Electronic Excitations in Pyrrole: A Test Case for Determination of Chromophores in the Chromogenic Effects of Neurotoxic Hydrocarbons by Time-Dependent Density Functional Theory and Single-Excitation Configuration Interaction Methods

Time-dependent density functional theory (TD-DFT) and single-excitation configuration interaction (CIS) calculations on the electronic excitations in pyrrole have been performed to examine the reliability of these first-principles electronic structure methods in predicting electronic excitation spectra of pyrrole-containing compounds. Both the TD-DFT and CIS calculations led to satisfactory results when compared to available experimental data, particularly for low-lying excited states.
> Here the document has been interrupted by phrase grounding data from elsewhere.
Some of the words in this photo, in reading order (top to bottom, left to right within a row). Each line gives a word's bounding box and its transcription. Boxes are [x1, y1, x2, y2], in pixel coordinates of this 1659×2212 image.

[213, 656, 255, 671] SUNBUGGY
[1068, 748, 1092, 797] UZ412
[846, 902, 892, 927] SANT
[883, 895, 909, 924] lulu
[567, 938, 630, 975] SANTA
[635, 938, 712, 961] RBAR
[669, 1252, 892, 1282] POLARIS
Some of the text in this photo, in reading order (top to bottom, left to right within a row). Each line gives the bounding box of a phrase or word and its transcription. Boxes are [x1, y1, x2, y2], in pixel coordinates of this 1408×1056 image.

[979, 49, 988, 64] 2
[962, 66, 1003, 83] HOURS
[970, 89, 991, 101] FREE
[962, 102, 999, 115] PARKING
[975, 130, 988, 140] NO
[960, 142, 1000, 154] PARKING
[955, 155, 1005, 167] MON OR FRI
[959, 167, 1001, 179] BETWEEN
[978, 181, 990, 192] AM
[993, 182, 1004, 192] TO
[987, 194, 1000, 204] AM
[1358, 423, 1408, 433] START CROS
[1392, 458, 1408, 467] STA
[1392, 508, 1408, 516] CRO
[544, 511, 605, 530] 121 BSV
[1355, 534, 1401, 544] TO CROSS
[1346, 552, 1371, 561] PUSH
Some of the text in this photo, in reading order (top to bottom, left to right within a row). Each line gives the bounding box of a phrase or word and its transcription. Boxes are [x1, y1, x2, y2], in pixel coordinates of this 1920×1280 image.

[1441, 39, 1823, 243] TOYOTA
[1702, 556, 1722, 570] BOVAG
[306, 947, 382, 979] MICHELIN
The TD-DFT and CIS calculations provide lower and upper limits of the excitation energies, respectively, for low-lying singlet excited states. These results suggest that these methods can be used for the prediction of the excitation spectra, particularly the excitation energies for low-lying excited states, of chromophores responsible for the chromogenic effects of neurotoxic hydrocarbons, which are believed to be substituted pyrroles and their adducts with proteins. As an example of a practical application, the spectrum of the widely used 2,5-dimethylpyrrole has been calculated. It is shown that the 2,5-dimethylpyrrole molecule does not have an absorption in the region of the visible spectrum (400-700 nm), suggesting that the absorption observed at 530 nm and the color of 2,5-dimethylpyrrole is due to another species, probably a product of possible 2,5-dimethylpyrrole autoxidation. This suggests that the conclusions from previously reported experimental studies of biochemical reactions of neurotoxic γ -diketones need to be reexamined in terms of the relationship of chromogenicity to neurotoxicity.